Segment Start: Task input

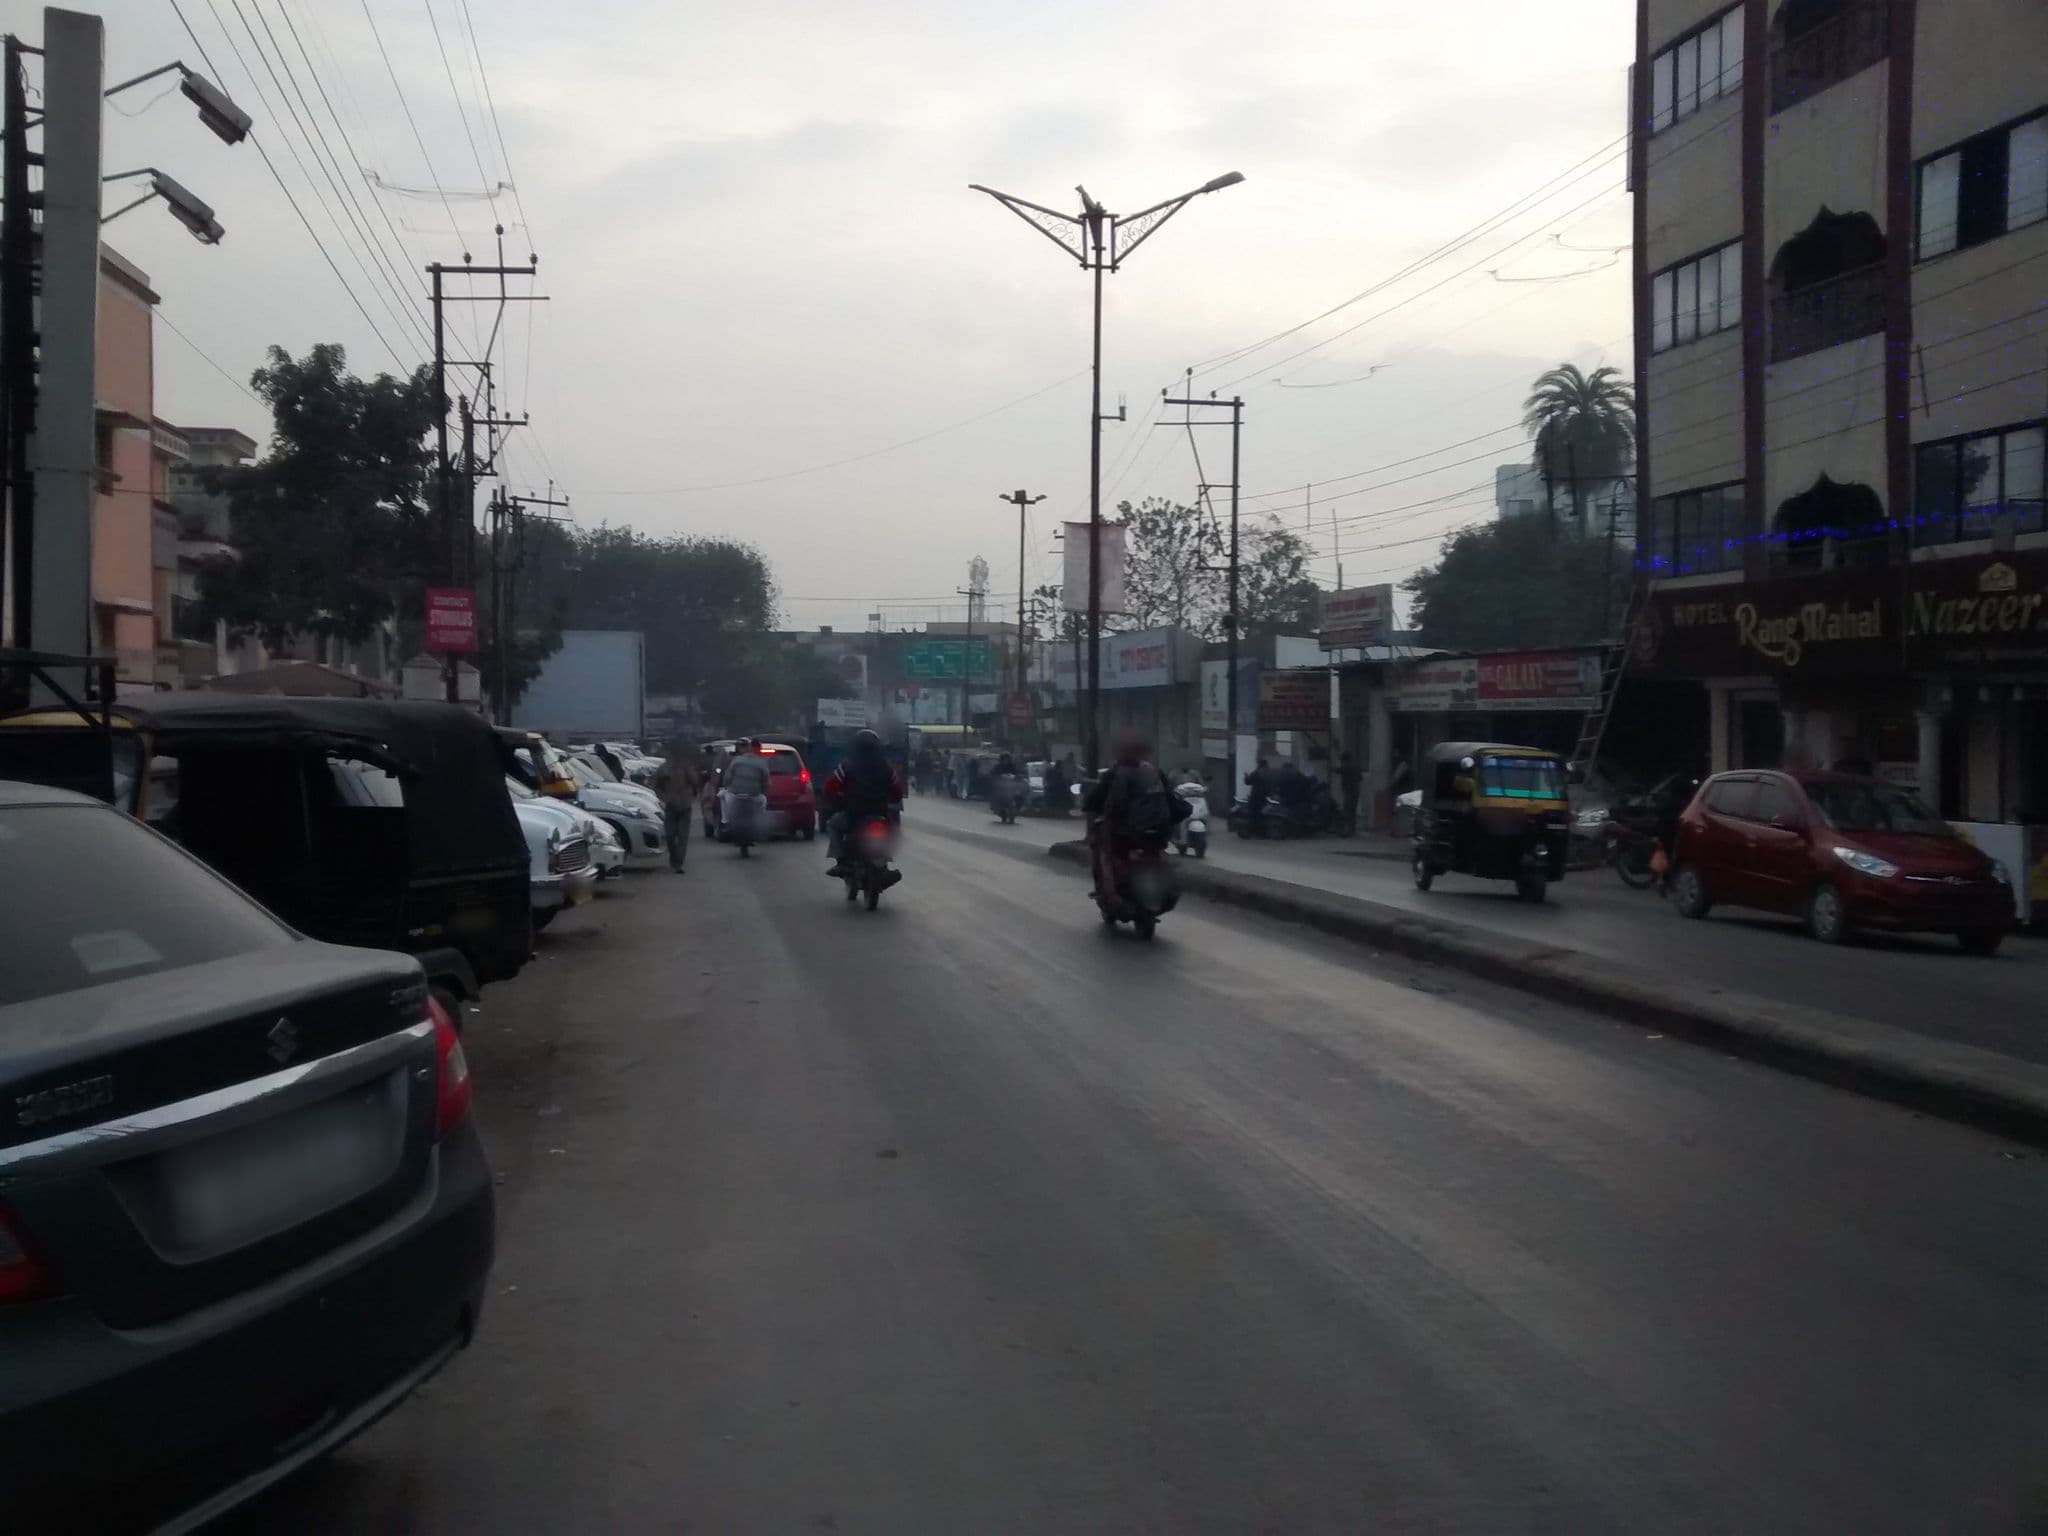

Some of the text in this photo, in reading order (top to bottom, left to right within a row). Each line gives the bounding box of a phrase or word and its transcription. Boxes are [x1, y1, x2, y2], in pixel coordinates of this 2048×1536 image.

[1673, 596, 1882, 666] HOTEL Rang Mahal
[1907, 592, 2041, 634] Nazeer
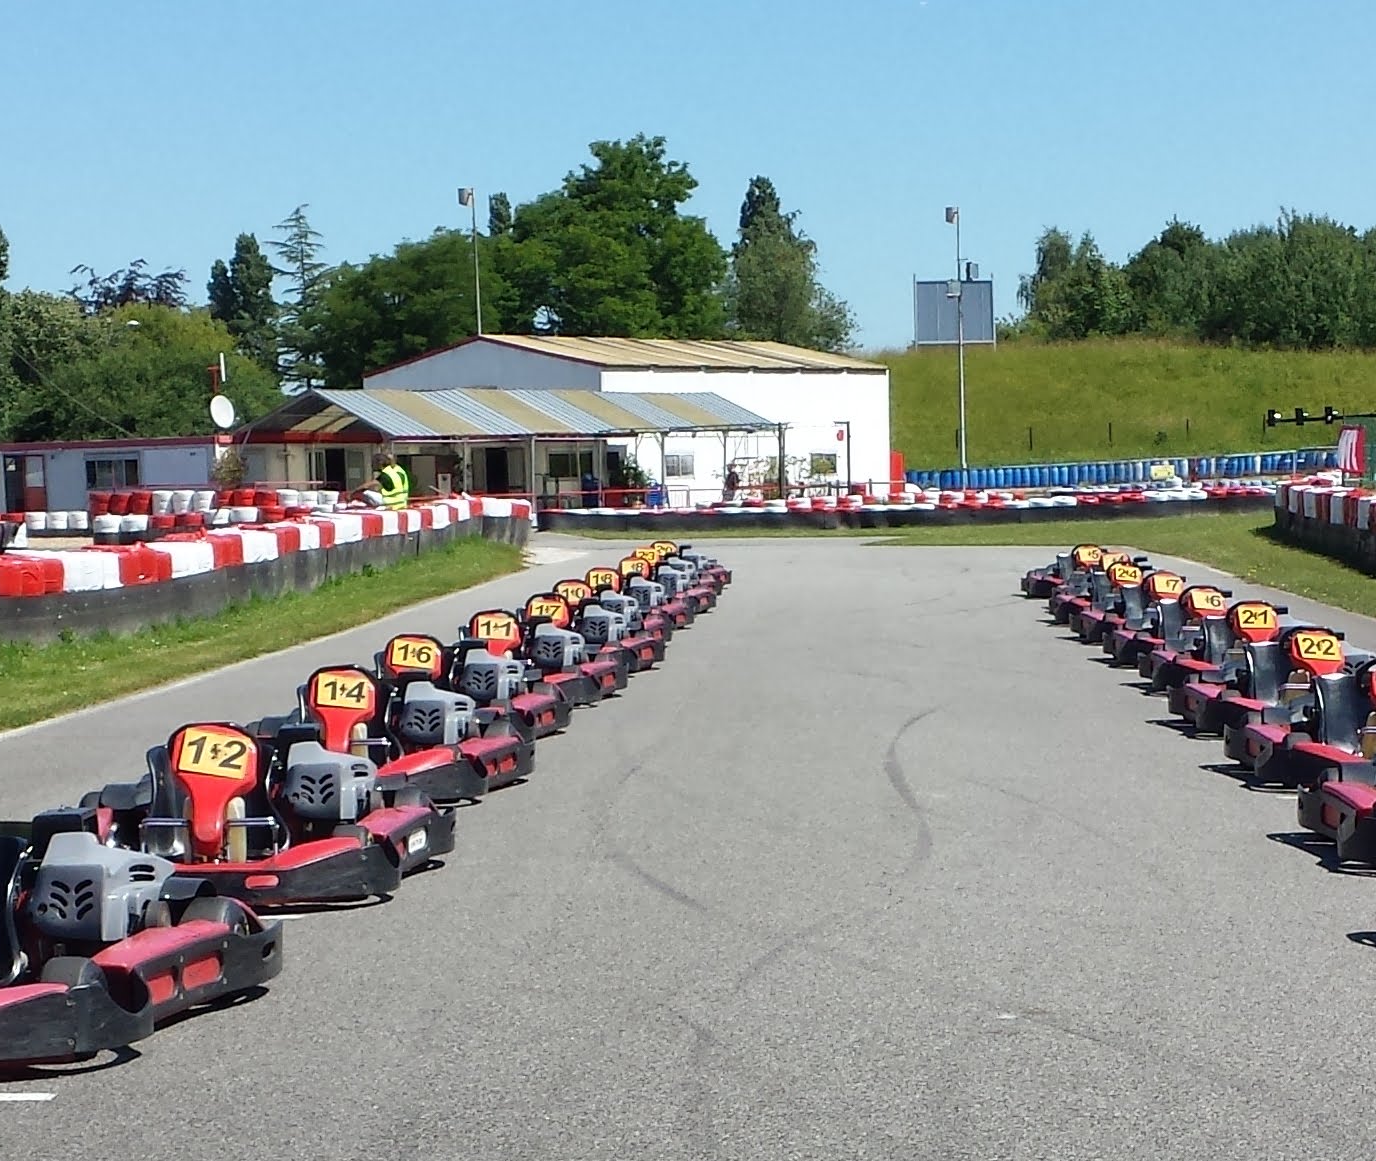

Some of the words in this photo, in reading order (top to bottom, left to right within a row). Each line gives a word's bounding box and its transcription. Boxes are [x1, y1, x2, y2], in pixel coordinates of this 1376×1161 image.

[638, 551, 655, 561] 23
[592, 573, 612, 584] 18
[1118, 568, 1137, 579] 24
[562, 587, 585, 599] 10
[535, 604, 562, 616] 17
[1241, 609, 1268, 625] 21
[480, 620, 512, 637] 11
[398, 643, 432, 664] 16
[1301, 637, 1336, 656] 22
[324, 680, 366, 703] 14
[187, 735, 247, 770] 12

Segment End: Task input

Problem details. Print the entries above exactly, leaving pictures out.

Answer space.
Some of the text in this photo, in reading order (top to bottom, left to right within a row). Each line gives the bounding box of a phrase or word and its transcription. Boxes are [x1, y1, x2, y2], in pixel coordinates of this 2048×1536 image.

[1673, 596, 1882, 666] HOTEL Rang Mahal
[1907, 592, 2041, 634] Nazeer

Some of the words in this photo, in reading order (top to bottom, left to right within a row). Each line gives a word's bounding box and its transcription. Boxes are [x1, y1, x2, y2], in pixel coordinates of this 1376×1161 image.

[638, 551, 655, 561] 23
[592, 573, 612, 584] 18
[1118, 568, 1137, 579] 24
[562, 587, 585, 599] 10
[535, 604, 562, 616] 17
[1241, 609, 1268, 625] 21
[480, 620, 512, 637] 11
[398, 643, 432, 664] 16
[1301, 637, 1336, 656] 22
[324, 680, 366, 703] 14
[187, 735, 247, 770] 12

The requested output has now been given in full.